Ellen Hyslop is a co-founder and head of content at The GIST, a fan-first sports media brand that’s shaking up the male-dominated sports industry. Ellen drives The GIST’s content and client solutions strategy, including developing The GIST’s signature voice, tone and storytelling structure that’s resonated with over 1M GISTers across North America. In doing so, Ellen leads The GIST’s (amazing!) content team of 20+ women and non-binary folks and also co-hosts The GIST’s highly popular twice-weekly podcast, The GIST of It. As a lifelong avid sports fan and elite athlete, Ellen is not only passionate about her fave teams, but also about leveling the playing field in the sports industry. Ellen and her team were named to Forbes 30 Under 30 2020 and have been accelerated through programs with Facebook, MLSE, Comcast NBCUniversal, Techstars and Billie Jean King Enterprises.

Ria Renouf is a seven-time nominated major market news anchor and reporter, winning two Edward R. Murrow awards and a Radio Television Digital National Award for her anchoring and writing at CityNews in Vancouver. She’s also had bylines at CKNW and Global News. Renouf is now the managing editor of New West Anchor, a twice-weekly hyper-local newsletter focusing on municipal politics and community features. She’s always up for experimenting with social media as part of her storytelling, contributing to the creation of TikTok videos while at CityNews — something she still does with The Anchor.

Michelle Richardson is the former editor-in-chief of the Ottawa Citizen. In her current role as chief impact officer of the Royal Canadian Mint, she is focused on developing and supporting the organization’s environmental, social and governance commitments.

Journalist of the Year

Basem Boshra is the director of journalism and programming, CBC Quebec (English Services), and works out of Montreal. He spent more than 20 years at the Montreal Gazette, where he filled various roles, including deputy editor, managing editor, digital editor, city editor and columnist. He also spent time at CTV, the National Post and Dose. 

Amber Bracken is a photo-journalist based in Edmonton whose clients include National Geographic, the New York Times, the Globe and Mail, The Narwhal, the Wall Street Journal, and Maclean’s.

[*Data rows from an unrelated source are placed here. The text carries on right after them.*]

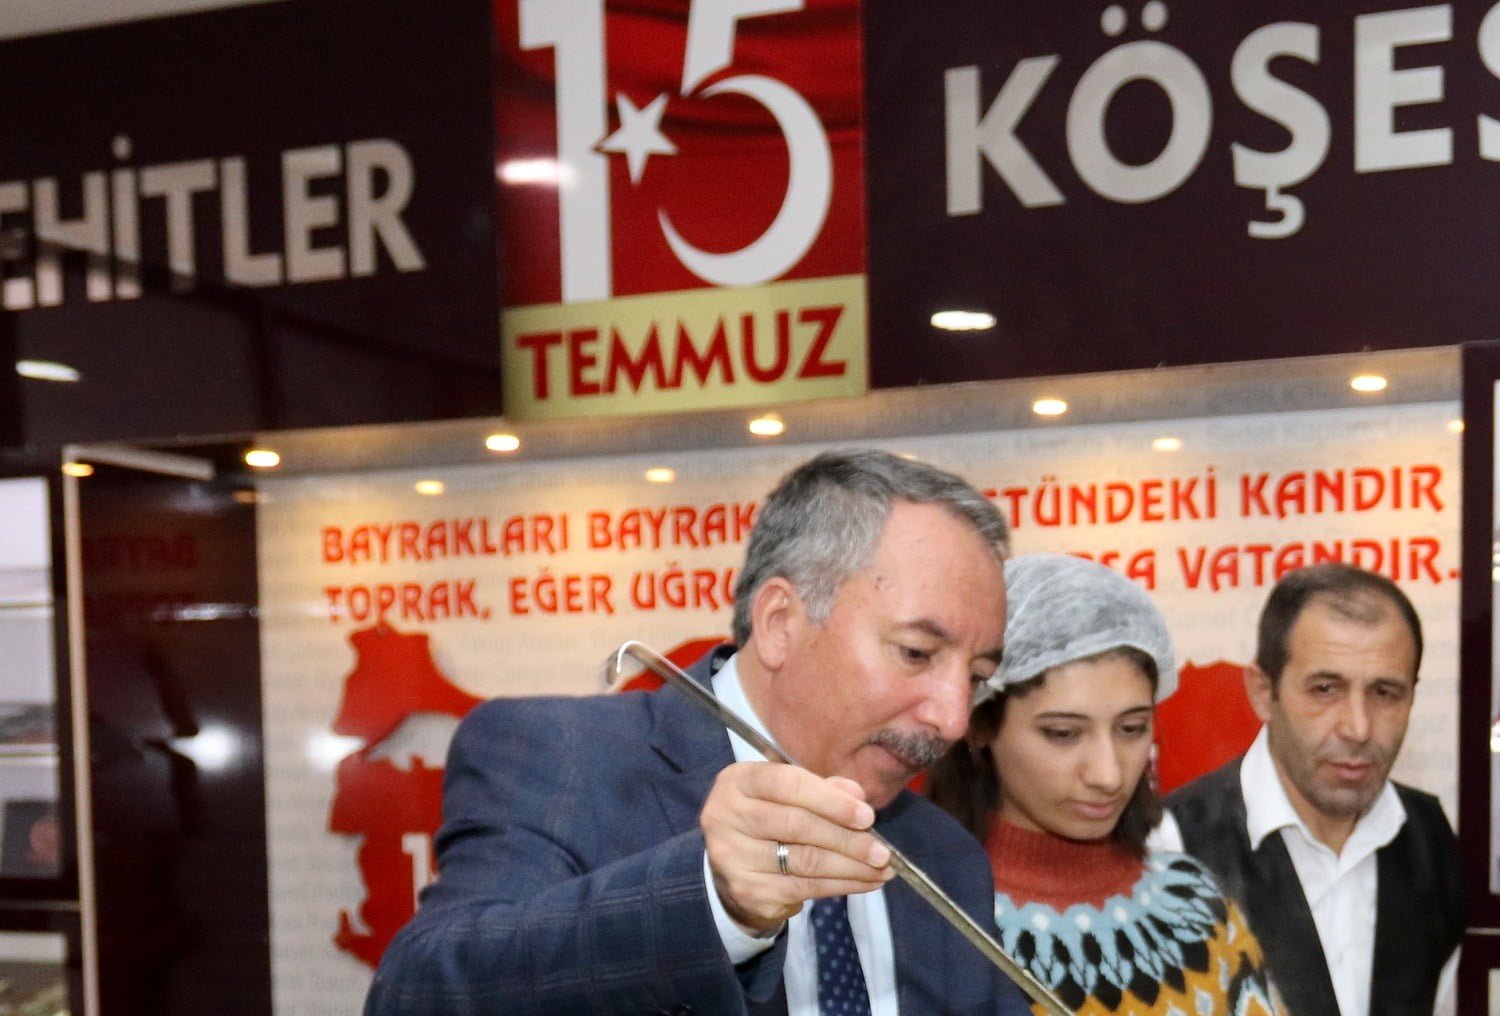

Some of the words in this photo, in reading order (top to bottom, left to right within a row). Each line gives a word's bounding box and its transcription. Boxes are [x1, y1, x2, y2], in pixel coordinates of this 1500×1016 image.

[517, 306, 847, 399] TEMMUZ
[321, 513, 569, 564] BAYRAKLARI
[984, 476, 1217, 529] TÜNDEKİ
[1241, 464, 1444, 519] KANDIR
[508, 568, 615, 616] EĞER
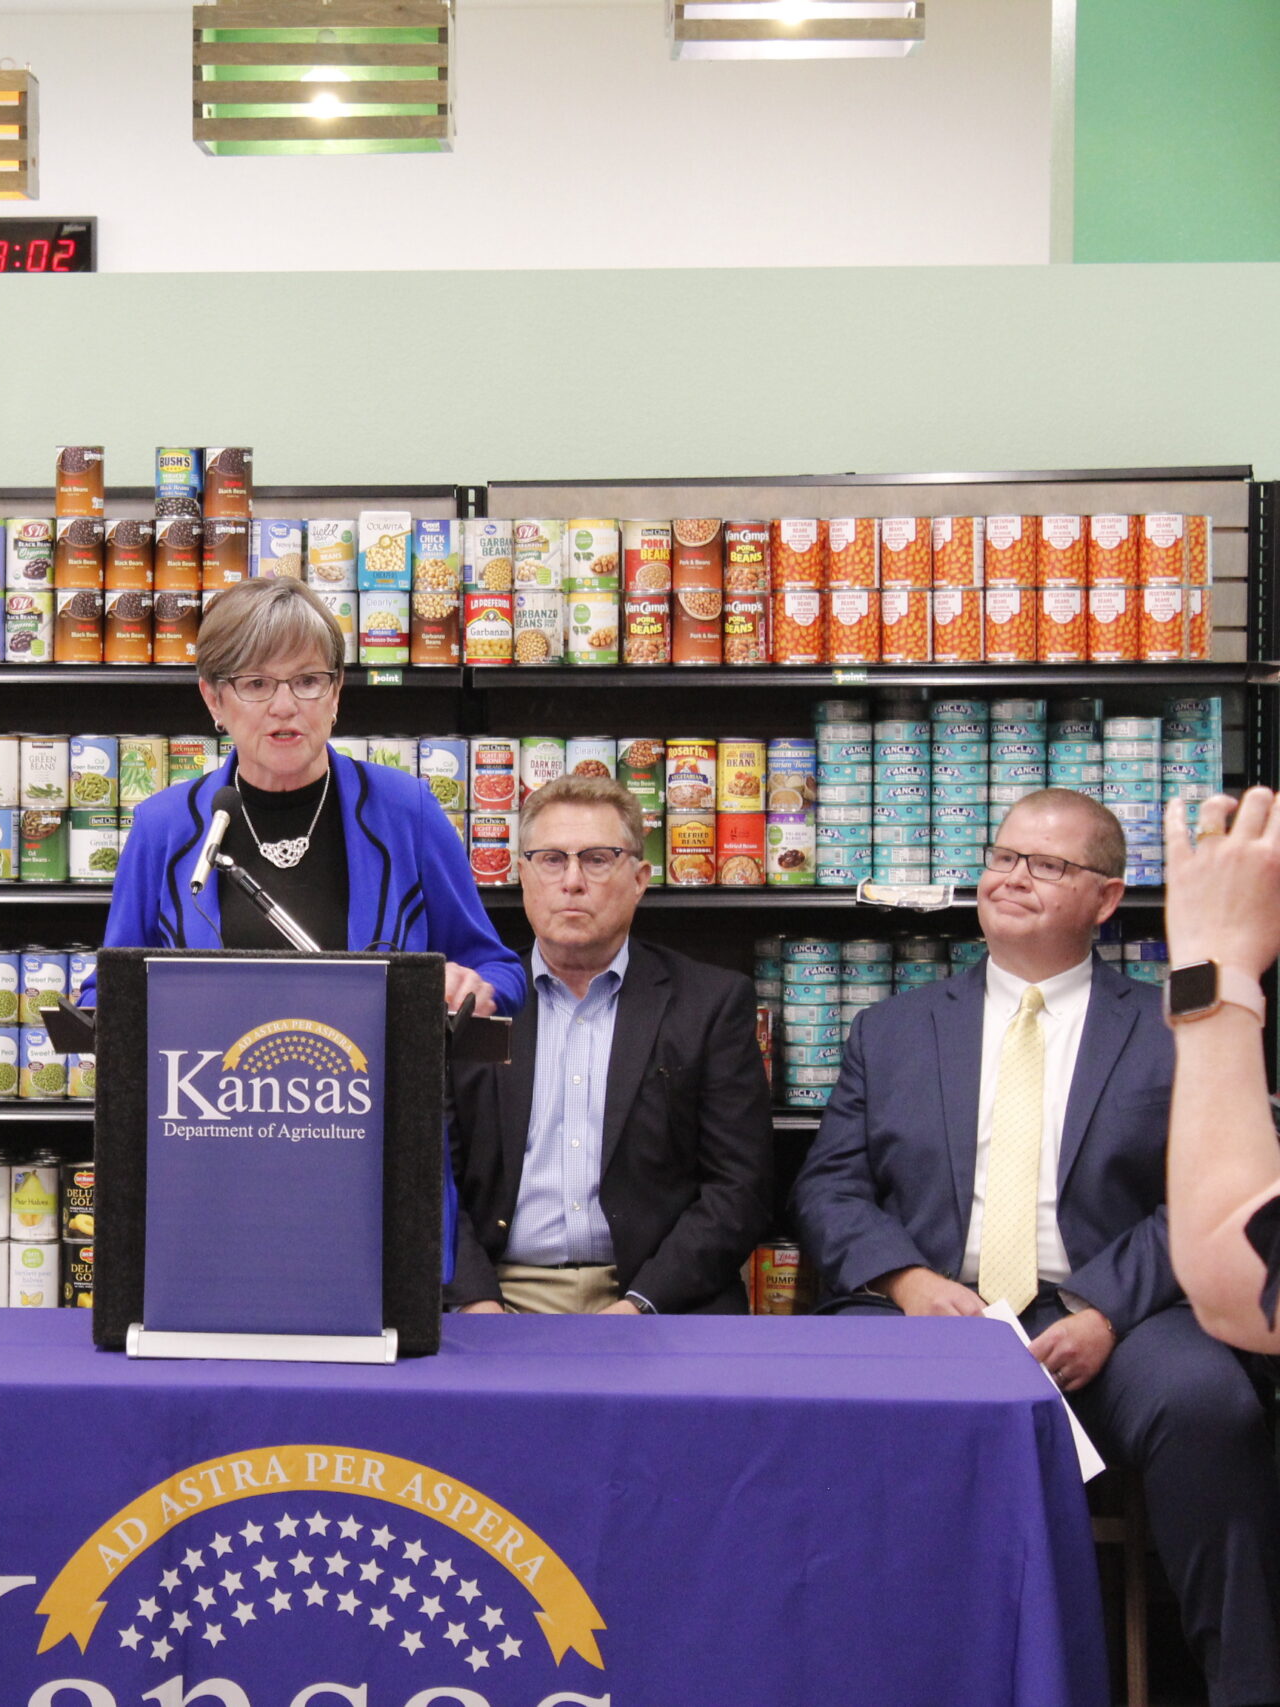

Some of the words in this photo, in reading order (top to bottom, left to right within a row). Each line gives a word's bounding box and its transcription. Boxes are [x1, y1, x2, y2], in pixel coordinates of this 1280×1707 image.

[159, 456, 190, 468] BUSH'S
[420, 535, 445, 543] CHICK
[641, 539, 664, 548] PORK
[422, 543, 443, 552] PEAS
[640, 549, 670, 560] BEANS
[730, 552, 762, 562] BEANS
[630, 623, 662, 634] BEANS
[374, 673, 399, 683] point
[530, 760, 549, 770] DARK
[550, 760, 563, 769] RED
[534, 768, 559, 778] KIDNEY
[238, 1035, 252, 1052] AD
[254, 1021, 288, 1043] ASTRA
[291, 1020, 312, 1031] PER
[315, 1023, 353, 1052] ASPERA
[158, 1050, 372, 1120] Kansas
[163, 1121, 253, 1140] Department
[258, 1122, 276, 1138] of
[278, 1124, 365, 1142] Agriculture
[95, 1514, 148, 1575] AD
[157, 1452, 288, 1527] ASTRA
[305, 1452, 385, 1492] PER
[397, 1470, 546, 1585] ASPERA

Her work has been recognized by a Charles Bury Award for contributions to journalism and by a Pen Canada/Ken Filkow Prize for advancing freedom of expression in Canada. She is a two-time World Press Photo winner, most recently in 2022 for her image of a roadside memorial for Indigenous children who died at a residential school on Tk’emlups te Secwepemc land. She also won a National Newspaper Award for sports photography in 2013.

Marina Jimenez is the director of communications for the Princess Margaret Cancer Centre and Princess Margaret Cancer Foundation. Previously she worked as an issues and media strategist for the University of Toronto. During her 25-year journalism career, she worked at six different newsrooms in three provinces, including stints on the Globe and Mail’s editorial board, as a foreign writer for the National Post and as an on-air reporter for CBC Alberta News. She is the proud recipient of the 2003 National Newspaper Award for Beat Reporting, and was an NNA finalist on three other occasions. She continues to work as a freelance travel writer.